[[ DATA FOR THE TASK open ]]

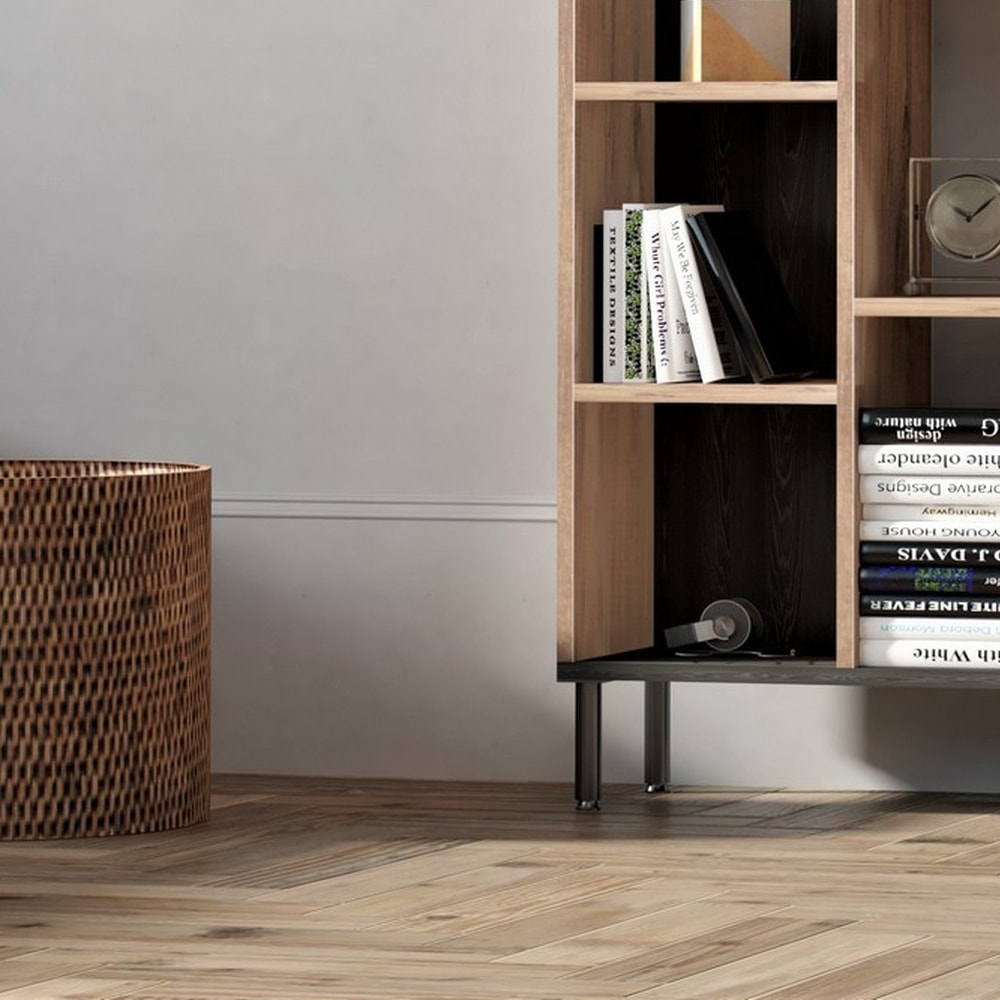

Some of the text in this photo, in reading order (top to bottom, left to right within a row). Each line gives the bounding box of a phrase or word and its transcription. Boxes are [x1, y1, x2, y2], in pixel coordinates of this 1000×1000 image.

[670, 220, 682, 241] May
[676, 242, 687, 259] We
[679, 261, 690, 273] Be
[653, 274, 664, 299] Girl
[683, 273, 700, 316] Forgiven
[655, 301, 668, 355] Problems
[874, 417, 957, 430] with nature
[896, 428, 942, 443] design
[877, 453, 961, 469] oleander
[877, 480, 942, 497] Designs
[921, 507, 996, 518] Hemingway
[881, 526, 1000, 538] YOUNG HOUSE
[896, 547, 966, 562] DAVIS
[972, 548, 990, 563] J.
[870, 600, 924, 611] FEVER
[928, 601, 969, 612] LINE
[912, 647, 971, 662] White
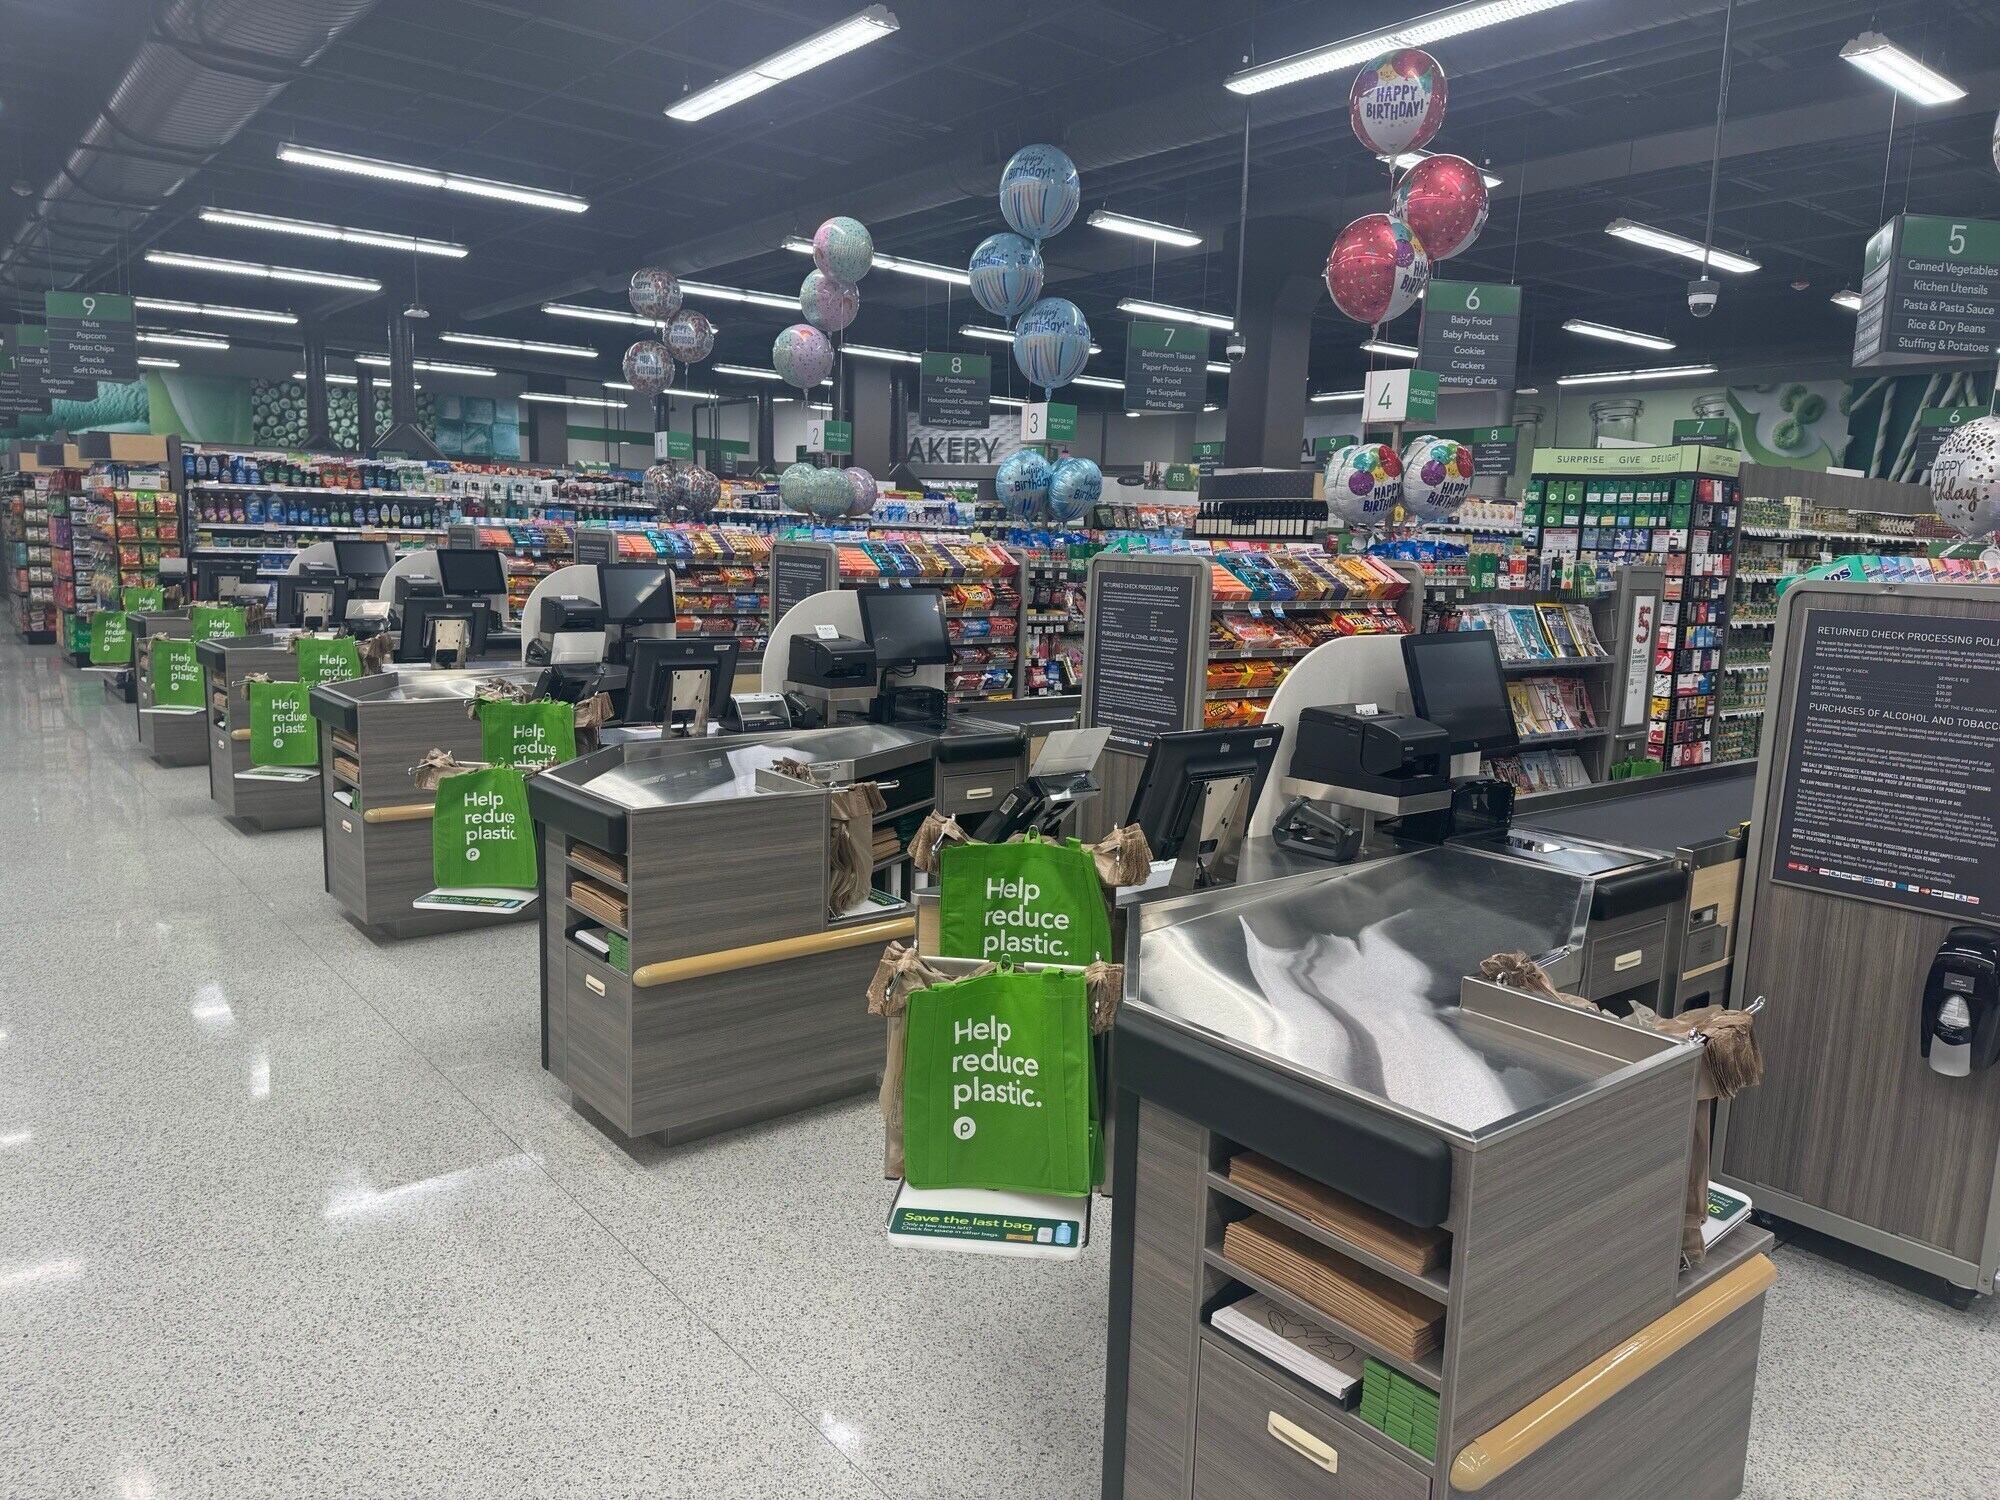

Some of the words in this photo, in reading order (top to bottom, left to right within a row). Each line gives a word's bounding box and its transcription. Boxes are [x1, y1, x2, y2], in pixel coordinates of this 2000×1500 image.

[[ DATA FOR THE TASK closed ]]

- **WHAT TO PRODUCE**
Your copy must reproduce the entries above in full, without their pictures.

- **RESPONSE**
Some of the text in this photo, in reading order (top to bottom, left to right within a row). Each line gives the bounding box of a phrase or word and its transcription. Boxes are [x1, y1, x2, y2], in pixel coordinates of this 1000×1000 image.

[670, 220, 682, 241] May
[676, 242, 687, 259] We
[679, 261, 690, 273] Be
[653, 274, 664, 299] Girl
[683, 273, 700, 316] Forgiven
[655, 301, 668, 355] Problems
[874, 417, 957, 430] with nature
[896, 428, 942, 443] design
[877, 453, 961, 469] oleander
[877, 480, 942, 497] Designs
[921, 507, 996, 518] Hemingway
[881, 526, 1000, 538] YOUNG HOUSE
[896, 547, 966, 562] DAVIS
[972, 548, 990, 563] J.
[870, 600, 924, 611] FEVER
[928, 601, 969, 612] LINE
[912, 647, 971, 662] White

Some of the words in this photo, in reading order (top to bottom, left to right within a row). Each line gives a word's bounding box and its transcription. Boxes are [x1, y1, x2, y2], in pixel coordinates of this 2000×1500 image.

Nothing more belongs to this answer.